_WORK INSTRUCTION_
A faithful transcription of all the data, images excluded, is the required answer.

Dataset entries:

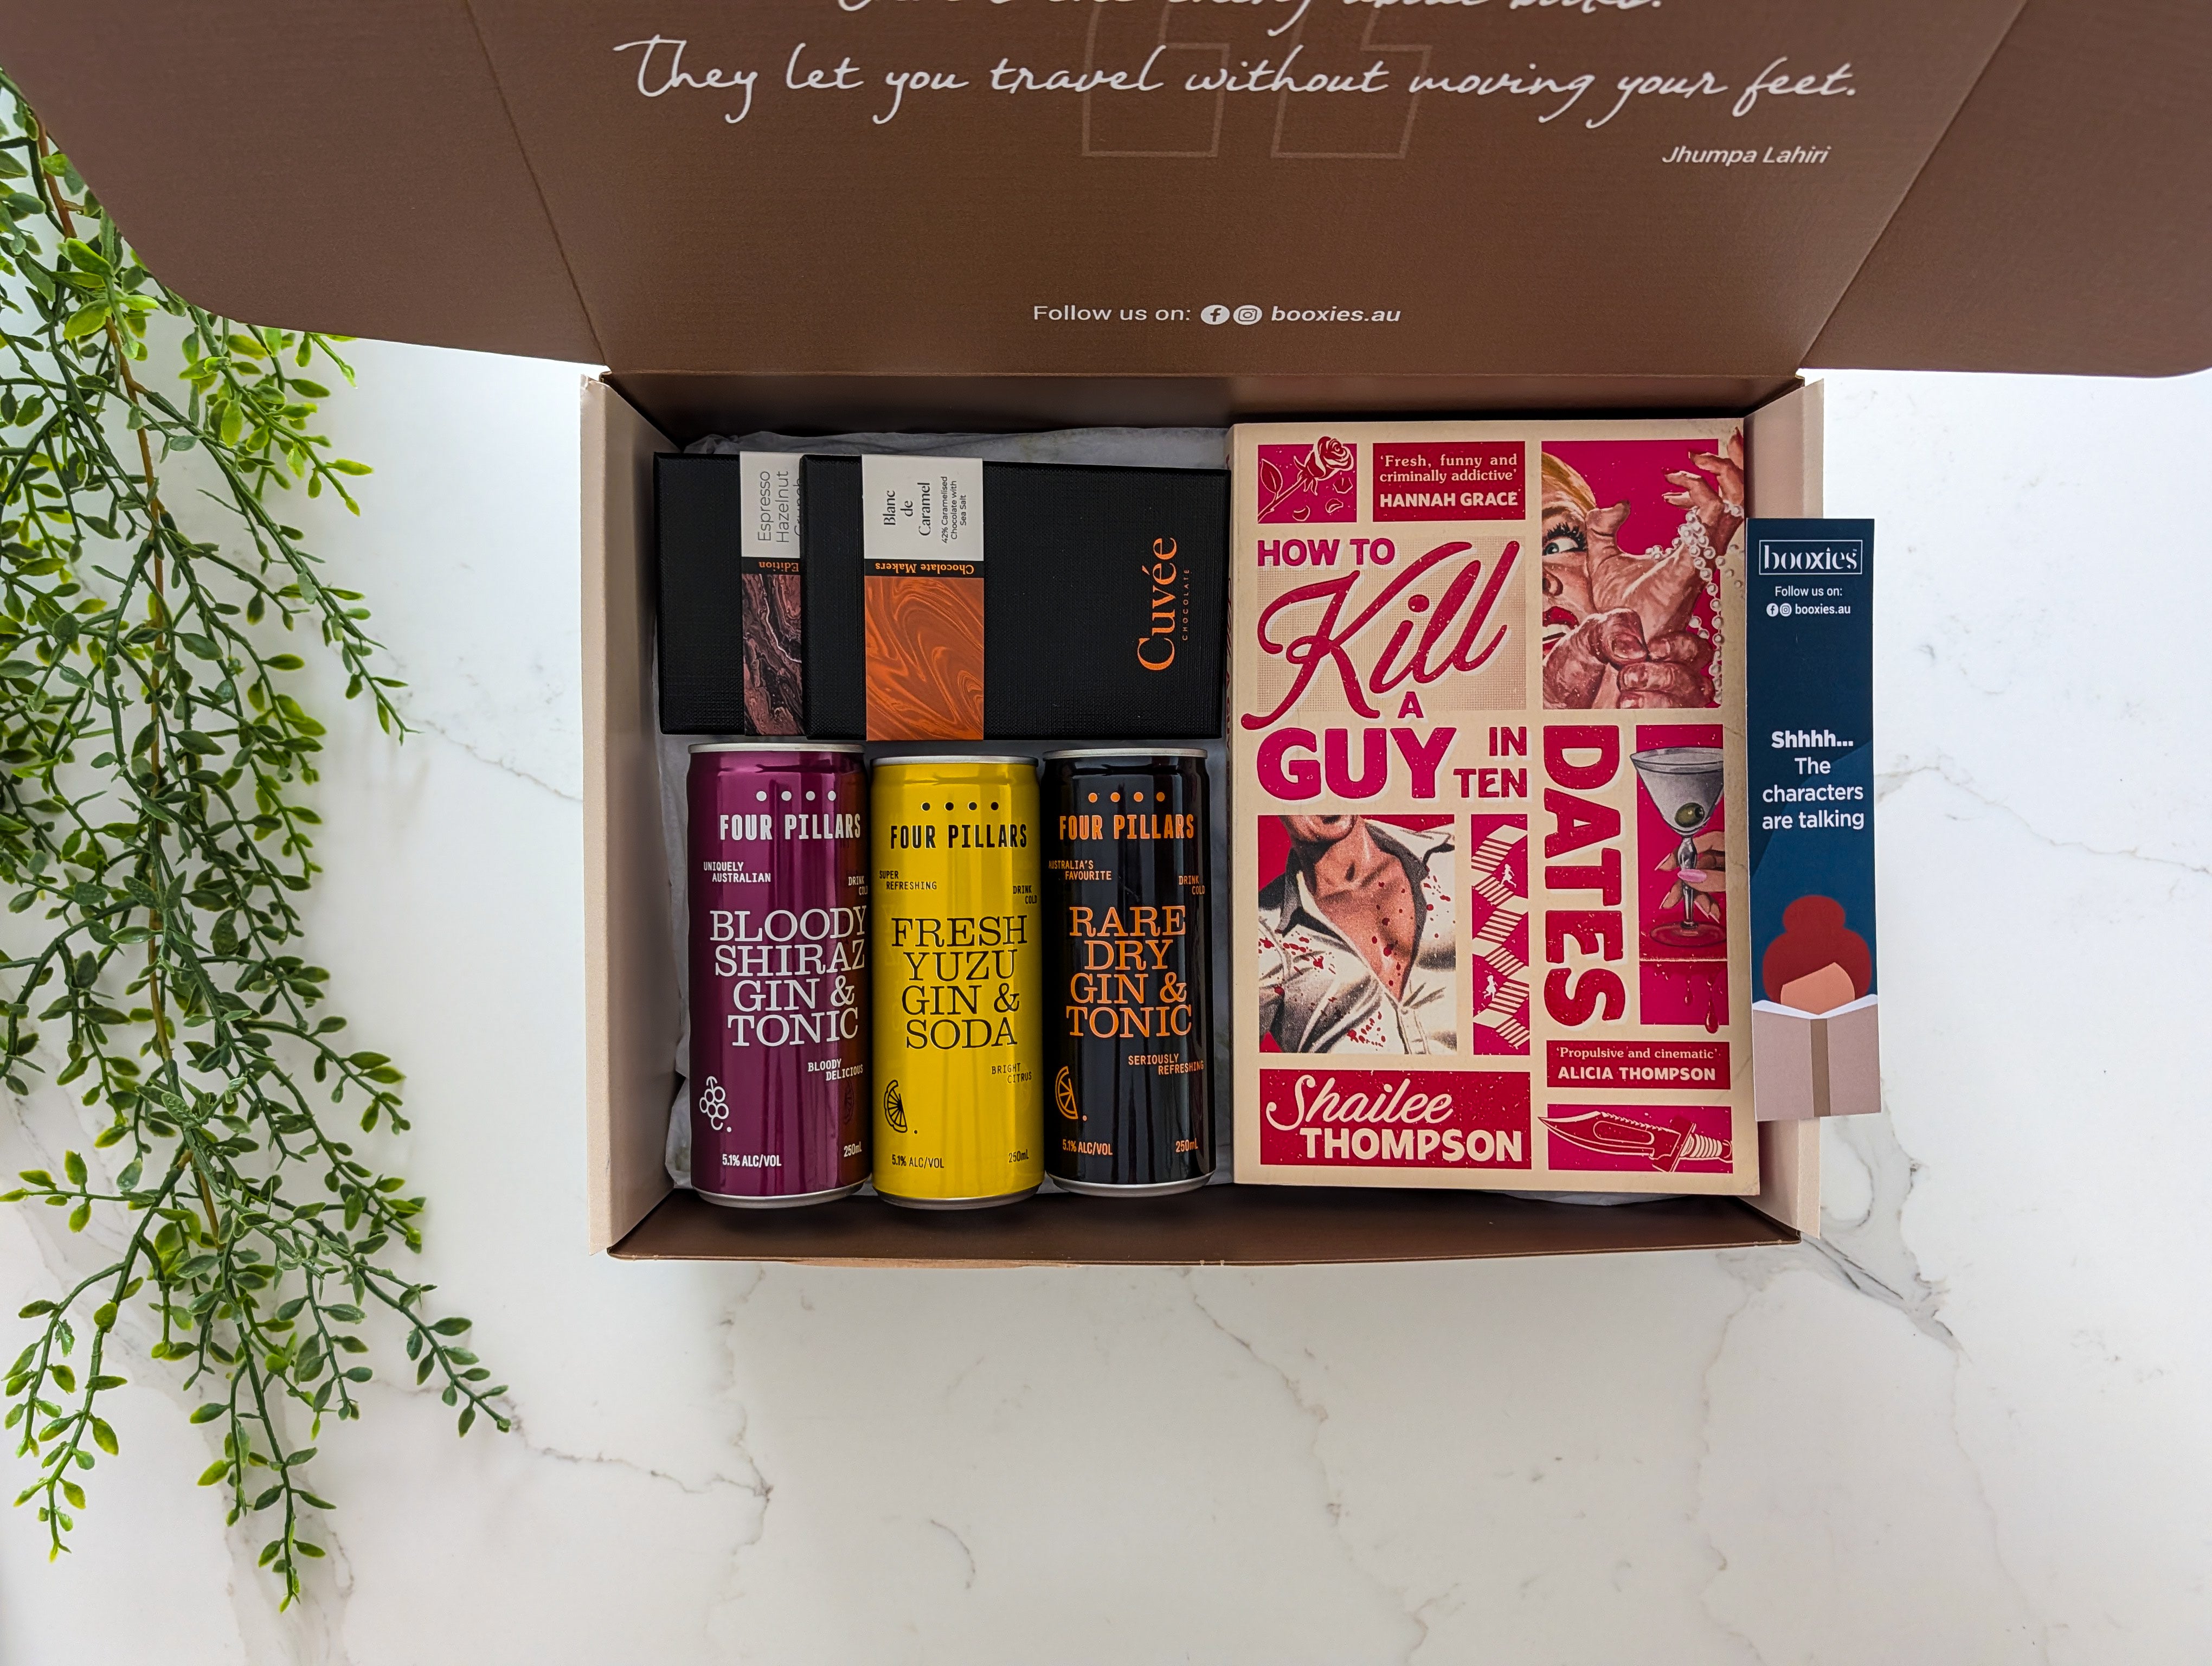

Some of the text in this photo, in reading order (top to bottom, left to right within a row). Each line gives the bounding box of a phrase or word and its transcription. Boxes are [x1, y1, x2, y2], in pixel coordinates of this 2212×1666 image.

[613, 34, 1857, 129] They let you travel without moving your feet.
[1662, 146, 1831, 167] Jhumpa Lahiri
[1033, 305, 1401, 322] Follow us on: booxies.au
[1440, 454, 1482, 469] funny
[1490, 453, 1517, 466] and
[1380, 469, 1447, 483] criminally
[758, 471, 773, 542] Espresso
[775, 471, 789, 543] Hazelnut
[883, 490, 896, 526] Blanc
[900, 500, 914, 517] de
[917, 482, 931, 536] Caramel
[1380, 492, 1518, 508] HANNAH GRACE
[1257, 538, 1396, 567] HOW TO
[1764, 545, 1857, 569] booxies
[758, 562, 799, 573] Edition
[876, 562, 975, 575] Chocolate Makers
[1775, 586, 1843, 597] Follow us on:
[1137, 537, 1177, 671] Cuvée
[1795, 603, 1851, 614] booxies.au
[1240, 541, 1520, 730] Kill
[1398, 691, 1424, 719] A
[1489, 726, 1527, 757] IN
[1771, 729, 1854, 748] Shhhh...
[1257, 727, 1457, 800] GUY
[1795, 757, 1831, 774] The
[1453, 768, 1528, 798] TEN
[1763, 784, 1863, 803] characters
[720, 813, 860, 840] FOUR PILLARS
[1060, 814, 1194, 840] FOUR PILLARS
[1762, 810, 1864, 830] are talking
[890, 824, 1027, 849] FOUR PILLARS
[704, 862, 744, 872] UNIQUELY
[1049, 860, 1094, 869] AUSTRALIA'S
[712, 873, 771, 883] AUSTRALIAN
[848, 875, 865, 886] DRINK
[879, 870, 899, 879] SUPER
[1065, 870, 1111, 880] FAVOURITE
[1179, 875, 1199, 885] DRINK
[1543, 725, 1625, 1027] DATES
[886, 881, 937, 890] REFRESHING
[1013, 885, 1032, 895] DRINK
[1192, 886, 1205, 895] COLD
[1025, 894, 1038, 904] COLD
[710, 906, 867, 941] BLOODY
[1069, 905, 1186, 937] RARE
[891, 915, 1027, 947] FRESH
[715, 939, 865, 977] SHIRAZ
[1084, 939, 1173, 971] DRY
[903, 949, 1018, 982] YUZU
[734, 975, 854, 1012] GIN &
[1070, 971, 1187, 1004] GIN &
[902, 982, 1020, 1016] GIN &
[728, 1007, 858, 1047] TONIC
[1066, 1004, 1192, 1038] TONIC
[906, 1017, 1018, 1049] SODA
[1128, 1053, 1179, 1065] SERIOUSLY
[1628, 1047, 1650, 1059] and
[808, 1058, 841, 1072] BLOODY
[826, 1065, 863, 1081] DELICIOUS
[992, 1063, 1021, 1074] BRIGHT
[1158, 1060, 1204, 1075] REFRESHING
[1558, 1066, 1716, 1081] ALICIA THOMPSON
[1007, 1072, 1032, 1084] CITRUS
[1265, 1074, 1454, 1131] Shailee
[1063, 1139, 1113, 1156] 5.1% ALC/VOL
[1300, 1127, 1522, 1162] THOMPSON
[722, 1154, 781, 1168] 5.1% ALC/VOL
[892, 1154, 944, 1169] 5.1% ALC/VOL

_YOUR RESPONSE_
Some of the text in this photo, in reading order (top to bottom, left to right within a row). Each line gives the bounding box of a phrase or word and its transcription. Boxes are [x1, y1, x2, y2], in pixel coordinates of this 2212×1666 image.

[613, 34, 1857, 129] They let you travel without moving your feet.
[1662, 146, 1831, 167] Jhumpa Lahiri
[1033, 305, 1401, 322] Follow us on: booxies.au
[1440, 454, 1482, 469] funny
[1490, 453, 1517, 466] and
[1380, 469, 1447, 483] criminally
[758, 471, 773, 542] Espresso
[775, 471, 789, 543] Hazelnut
[883, 490, 896, 526] Blanc
[900, 500, 914, 517] de
[917, 482, 931, 536] Caramel
[1380, 492, 1518, 508] HANNAH GRACE
[1257, 538, 1396, 567] HOW TO
[1764, 545, 1857, 569] booxies
[758, 562, 799, 573] Edition
[876, 562, 975, 575] Chocolate Makers
[1775, 586, 1843, 597] Follow us on:
[1137, 537, 1177, 671] Cuvée
[1795, 603, 1851, 614] booxies.au
[1240, 541, 1520, 730] Kill
[1398, 691, 1424, 719] A
[1489, 726, 1527, 757] IN
[1771, 729, 1854, 748] Shhhh...
[1257, 727, 1457, 800] GUY
[1795, 757, 1831, 774] The
[1453, 768, 1528, 798] TEN
[1763, 784, 1863, 803] characters
[720, 813, 860, 840] FOUR PILLARS
[1060, 814, 1194, 840] FOUR PILLARS
[1762, 810, 1864, 830] are talking
[890, 824, 1027, 849] FOUR PILLARS
[704, 862, 744, 872] UNIQUELY
[1049, 860, 1094, 869] AUSTRALIA'S
[712, 873, 771, 883] AUSTRALIAN
[848, 875, 865, 886] DRINK
[879, 870, 899, 879] SUPER
[1065, 870, 1111, 880] FAVOURITE
[1179, 875, 1199, 885] DRINK
[1543, 725, 1625, 1027] DATES
[886, 881, 937, 890] REFRESHING
[1013, 885, 1032, 895] DRINK
[1192, 886, 1205, 895] COLD
[1025, 894, 1038, 904] COLD
[710, 906, 867, 941] BLOODY
[1069, 905, 1186, 937] RARE
[891, 915, 1027, 947] FRESH
[715, 939, 865, 977] SHIRAZ
[1084, 939, 1173, 971] DRY
[903, 949, 1018, 982] YUZU
[734, 975, 854, 1012] GIN &
[1070, 971, 1187, 1004] GIN &
[902, 982, 1020, 1016] GIN &
[728, 1007, 858, 1047] TONIC
[1066, 1004, 1192, 1038] TONIC
[906, 1017, 1018, 1049] SODA
[1128, 1053, 1179, 1065] SERIOUSLY
[1628, 1047, 1650, 1059] and
[808, 1058, 841, 1072] BLOODY
[826, 1065, 863, 1081] DELICIOUS
[992, 1063, 1021, 1074] BRIGHT
[1158, 1060, 1204, 1075] REFRESHING
[1558, 1066, 1716, 1081] ALICIA THOMPSON
[1007, 1072, 1032, 1084] CITRUS
[1265, 1074, 1454, 1131] Shailee
[1063, 1139, 1113, 1156] 5.1% ALC/VOL
[1300, 1127, 1522, 1162] THOMPSON
[722, 1154, 781, 1168] 5.1% ALC/VOL
[892, 1154, 944, 1169] 5.1% ALC/VOL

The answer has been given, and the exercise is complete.